Segment Start: Data for this task

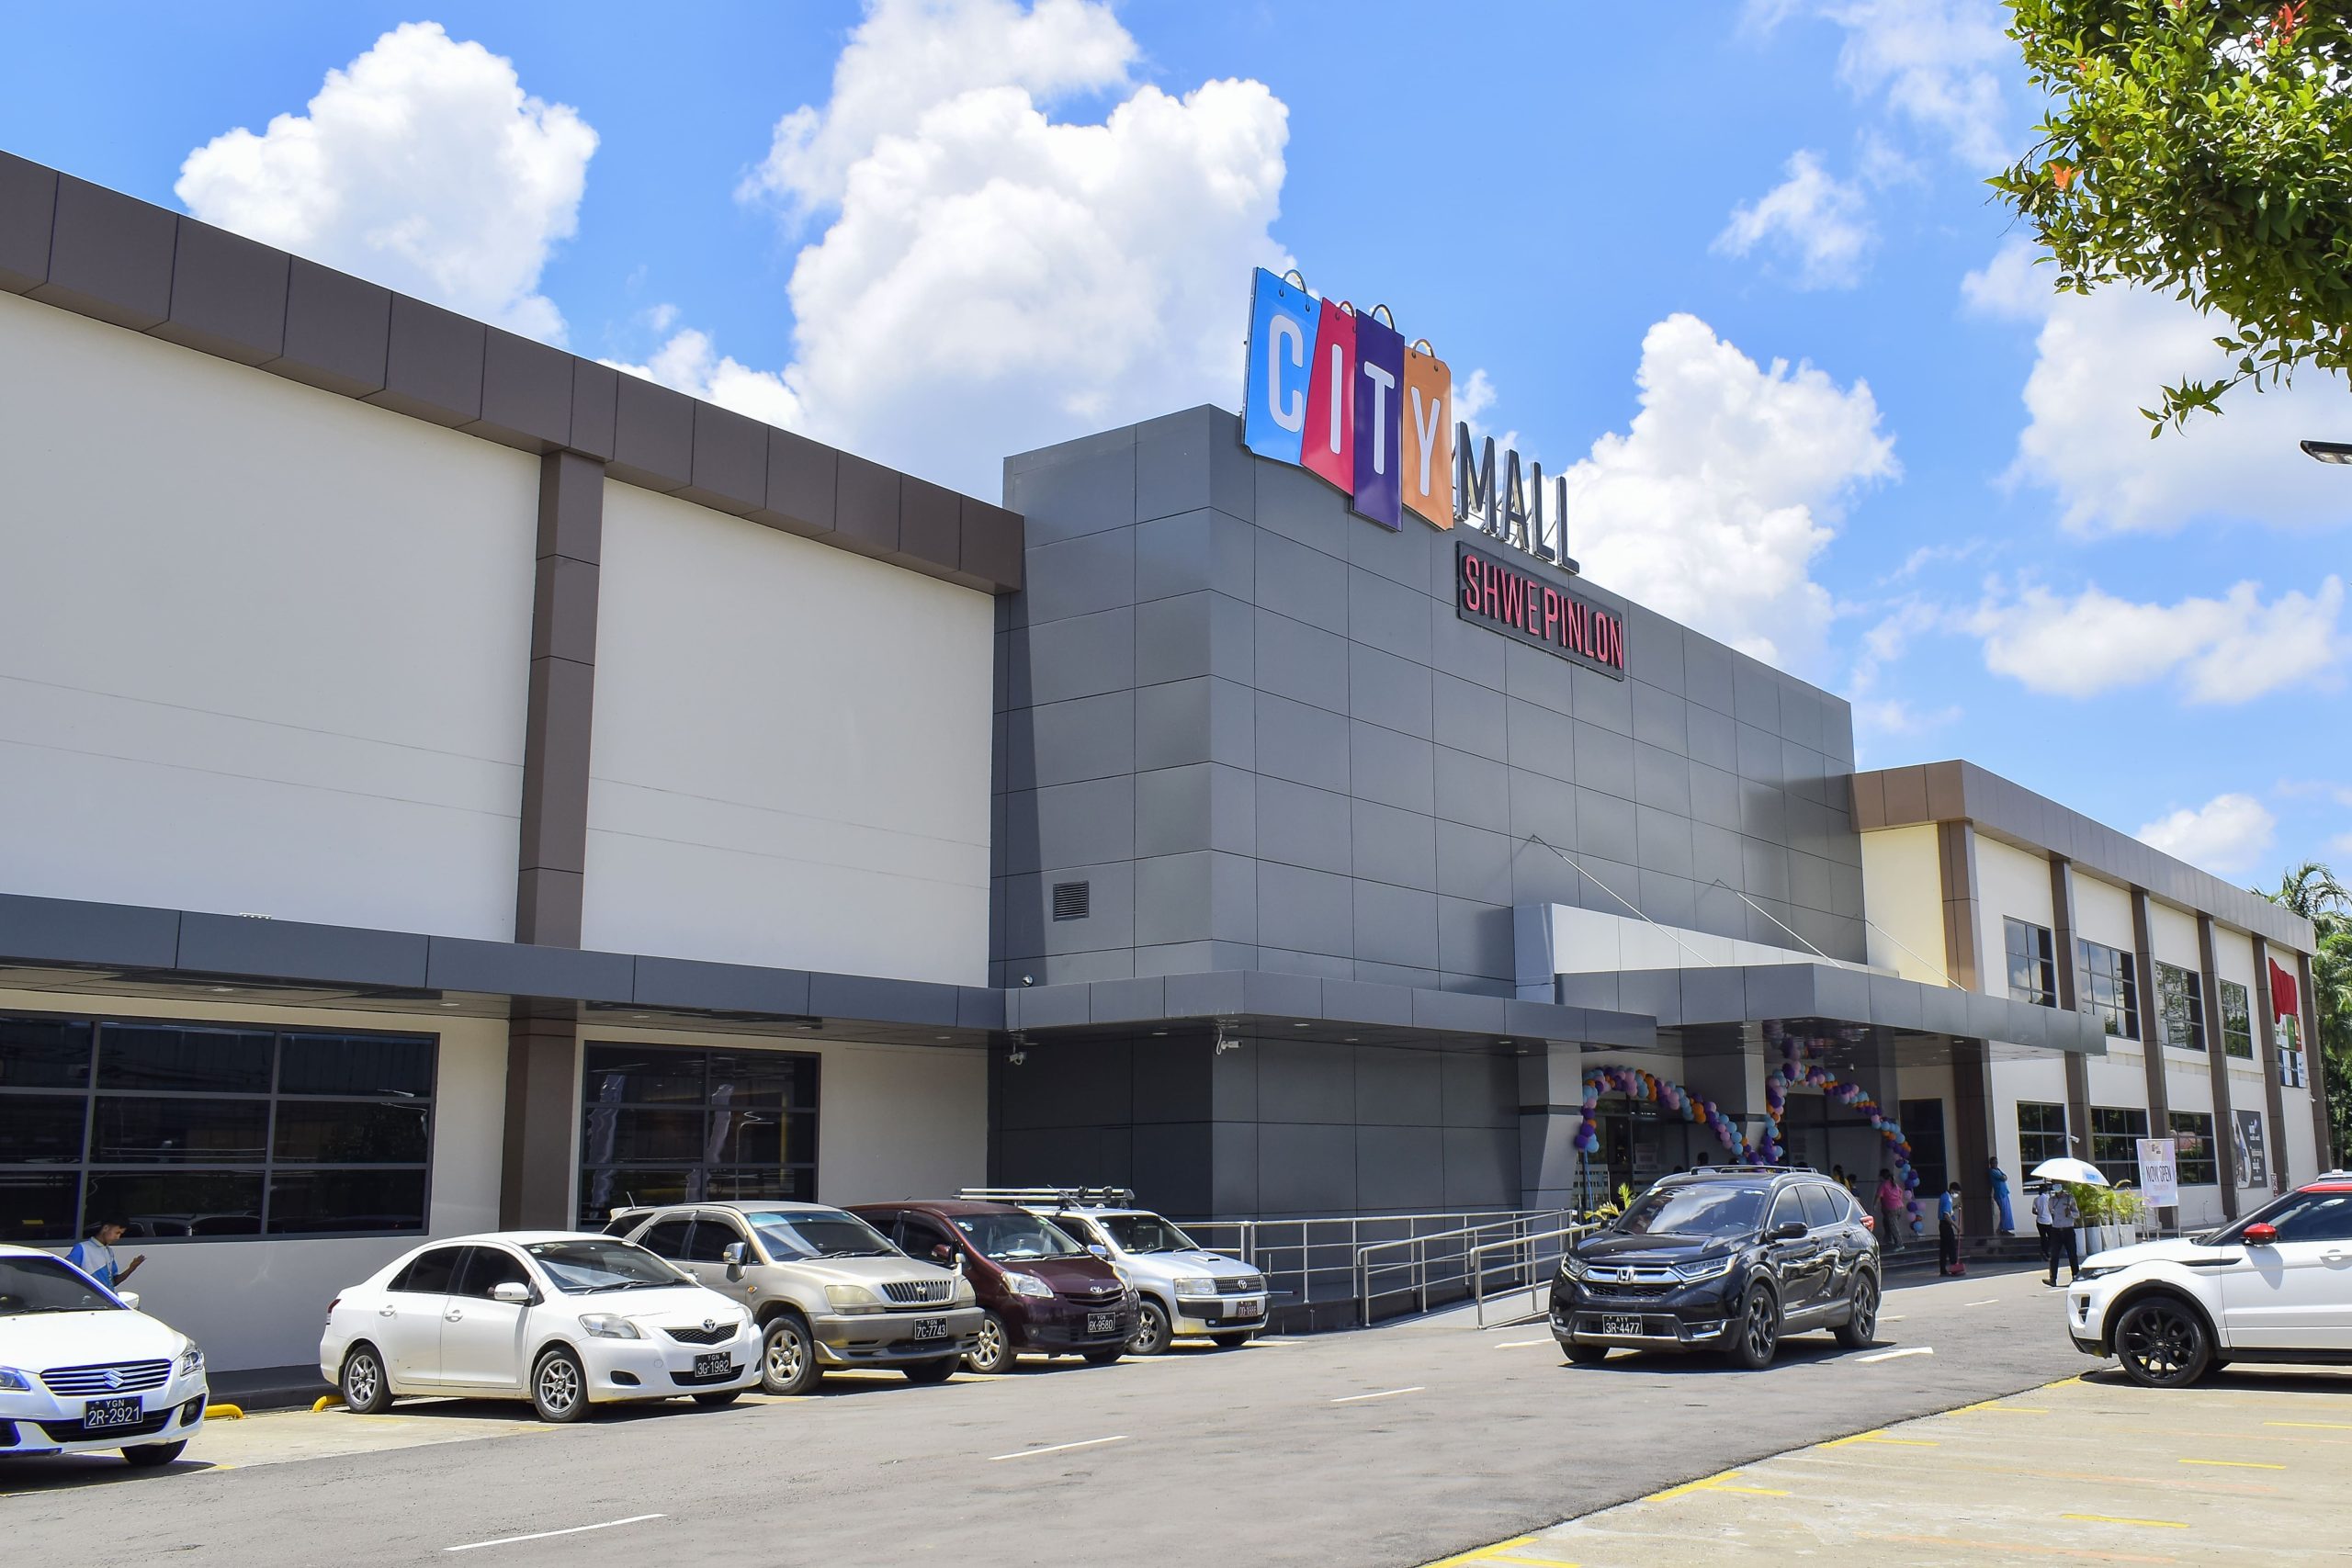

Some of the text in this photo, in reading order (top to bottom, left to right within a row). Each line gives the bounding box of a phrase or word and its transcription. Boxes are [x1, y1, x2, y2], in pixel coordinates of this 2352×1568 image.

[1269, 314, 1579, 575] CITY MALL
[2146, 1165, 2172, 1182] NOW OPEN
[917, 1325, 945, 1337] 7C-7743
[1606, 1323, 1640, 1333] 3R-4477
[698, 1360, 729, 1375] 3G-1982
[106, 1399, 125, 1407] YGN
[88, 1406, 140, 1426] 2R-2921
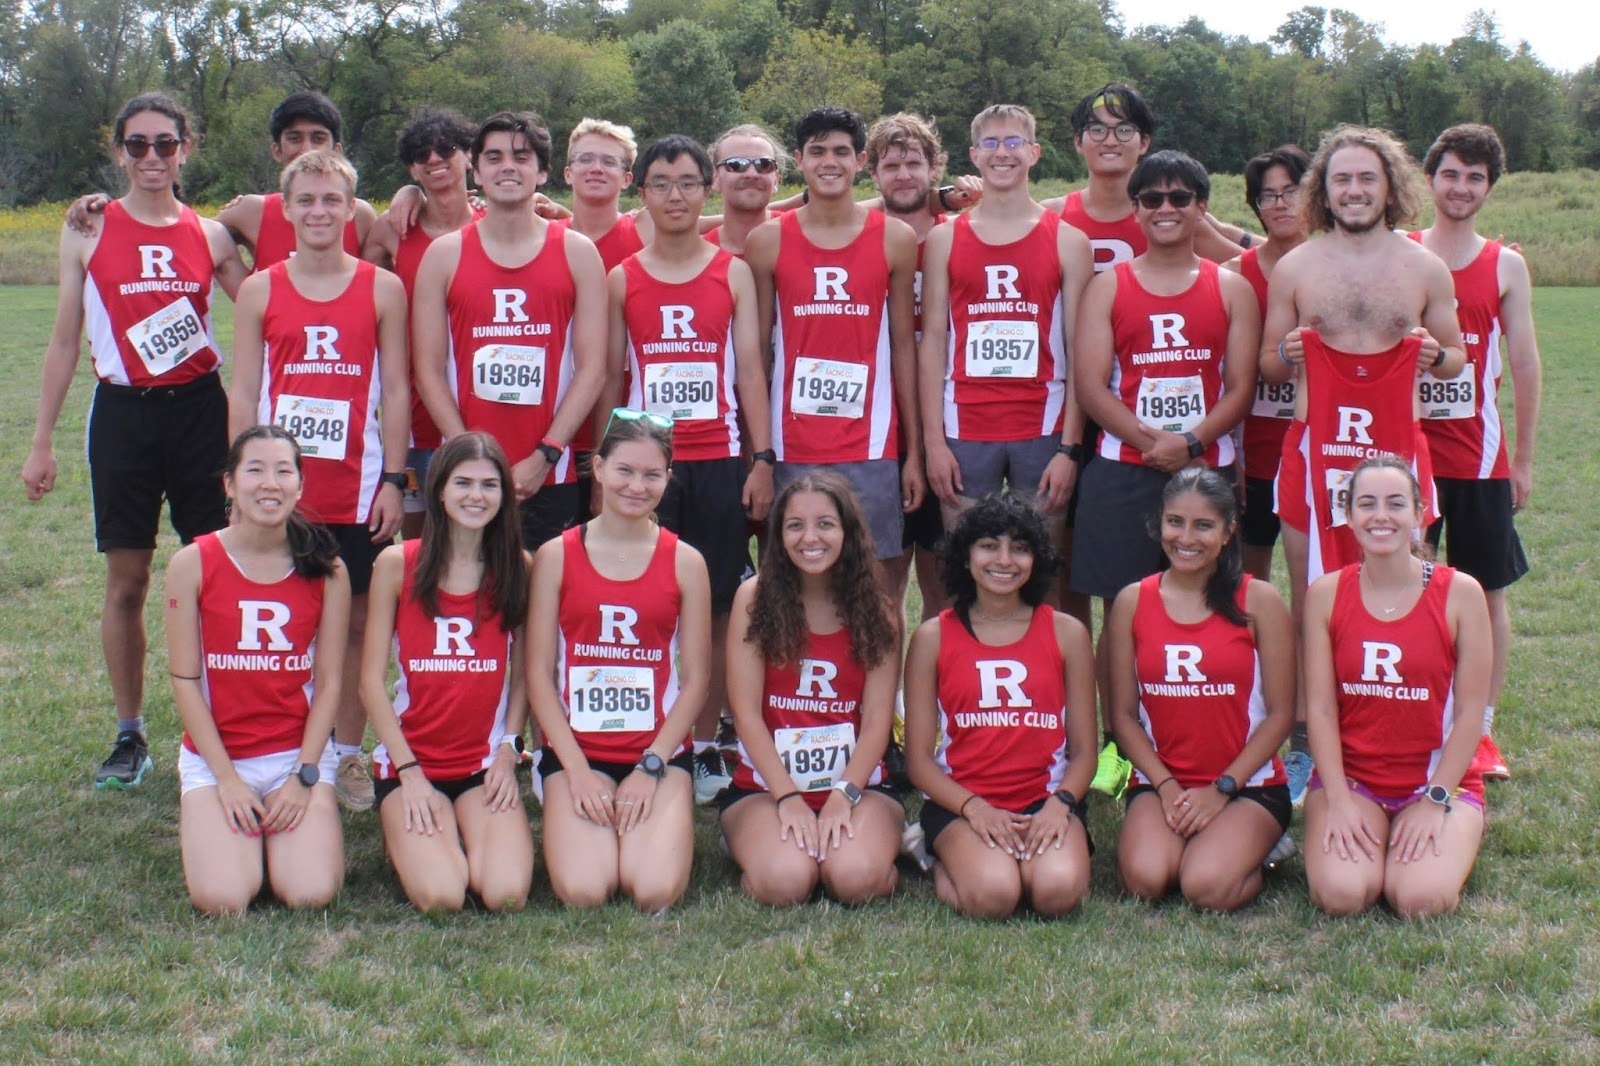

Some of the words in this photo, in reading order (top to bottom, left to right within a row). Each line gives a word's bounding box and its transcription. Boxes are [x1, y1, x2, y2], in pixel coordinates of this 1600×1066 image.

[138, 245, 177, 278] R
[119, 281, 169, 295] RUNNING
[171, 281, 201, 293] CLUB
[813, 266, 851, 301] R
[984, 264, 1021, 300] R
[492, 288, 529, 323] R
[793, 303, 841, 317] RUNNING
[842, 303, 870, 316] CLUB
[967, 301, 1013, 315] RUNNING
[1015, 301, 1039, 315] CLUB
[472, 324, 521, 339] RUNNING
[523, 323, 551, 336] CLUB
[659, 305, 697, 339] R
[1149, 312, 1189, 349] R
[139, 314, 199, 360] 19359
[303, 325, 341, 360] R
[691, 341, 718, 354] CLUB
[1461, 332, 1479, 344] LUB
[969, 338, 1035, 361] 19357
[1132, 350, 1183, 366] RUNNING
[1184, 348, 1212, 362] CLUB
[334, 363, 362, 376] CLUB
[477, 363, 541, 387] 19364
[648, 380, 714, 404] 19350
[797, 376, 863, 403] 19347
[1257, 382, 1296, 403] 193
[1419, 382, 1472, 404] 9353
[1140, 393, 1202, 418] 19354
[278, 414, 344, 442] 19348
[1336, 406, 1373, 444] R
[1322, 446, 1364, 458] UNNING
[237, 600, 293, 651] R
[433, 616, 476, 657] R
[598, 604, 640, 645] R
[207, 654, 281, 671] RUNNING
[574, 643, 631, 661] RUNNING
[632, 648, 662, 661] CLUB
[1163, 644, 1207, 683] R
[1361, 641, 1403, 684] R
[409, 659, 466, 672] RUNNING
[468, 660, 497, 672] CLUB
[795, 658, 838, 699] R
[975, 659, 1033, 708] R
[1143, 682, 1201, 697] RUNNING
[1202, 683, 1236, 697] CLUB
[574, 687, 650, 712] 19365
[769, 695, 828, 713] RUNNING
[1394, 685, 1430, 701] CLUB
[1023, 713, 1058, 730] CLUB
[780, 744, 851, 774] 19371

Segment End: Data for this task

# What is being asked
All records, pictures excluded: copy them exactly.

# Response
Some of the text in this photo, in reading order (top to bottom, left to right within a row). Each line gives the bounding box of a phrase or word and its transcription. Boxes are [x1, y1, x2, y2], in pixel coordinates of this 2352×1568 image.

[1269, 314, 1579, 575] CITY MALL
[2146, 1165, 2172, 1182] NOW OPEN
[917, 1325, 945, 1337] 7C-7743
[1606, 1323, 1640, 1333] 3R-4477
[698, 1360, 729, 1375] 3G-1982
[106, 1399, 125, 1407] YGN
[88, 1406, 140, 1426] 2R-2921

Some of the words in this photo, in reading order (top to bottom, left to right within a row). Each line gives a word's bounding box and its transcription. Boxes are [x1, y1, x2, y2], in pixel coordinates of this 1600×1066 image.

[138, 245, 177, 278] R
[119, 281, 169, 295] RUNNING
[171, 281, 201, 293] CLUB
[813, 266, 851, 301] R
[984, 264, 1021, 300] R
[492, 288, 529, 323] R
[793, 303, 841, 317] RUNNING
[842, 303, 870, 316] CLUB
[967, 301, 1013, 315] RUNNING
[1015, 301, 1039, 315] CLUB
[472, 324, 521, 339] RUNNING
[523, 323, 551, 336] CLUB
[659, 305, 697, 339] R
[1149, 312, 1189, 349] R
[139, 314, 199, 360] 19359
[303, 325, 341, 360] R
[691, 341, 718, 354] CLUB
[1461, 332, 1479, 344] LUB
[969, 338, 1035, 361] 19357
[1132, 350, 1183, 366] RUNNING
[1184, 348, 1212, 362] CLUB
[334, 363, 362, 376] CLUB
[477, 363, 541, 387] 19364
[648, 380, 714, 404] 19350
[797, 376, 863, 403] 19347
[1257, 382, 1296, 403] 193
[1419, 382, 1472, 404] 9353
[1140, 393, 1202, 418] 19354
[278, 414, 344, 442] 19348
[1336, 406, 1373, 444] R
[1322, 446, 1364, 458] UNNING
[237, 600, 293, 651] R
[433, 616, 476, 657] R
[598, 604, 640, 645] R
[207, 654, 281, 671] RUNNING
[574, 643, 631, 661] RUNNING
[632, 648, 662, 661] CLUB
[1163, 644, 1207, 683] R
[1361, 641, 1403, 684] R
[409, 659, 466, 672] RUNNING
[468, 660, 497, 672] CLUB
[795, 658, 838, 699] R
[975, 659, 1033, 708] R
[1143, 682, 1201, 697] RUNNING
[1202, 683, 1236, 697] CLUB
[574, 687, 650, 712] 19365
[769, 695, 828, 713] RUNNING
[1394, 685, 1430, 701] CLUB
[1023, 713, 1058, 730] CLUB
[780, 744, 851, 774] 19371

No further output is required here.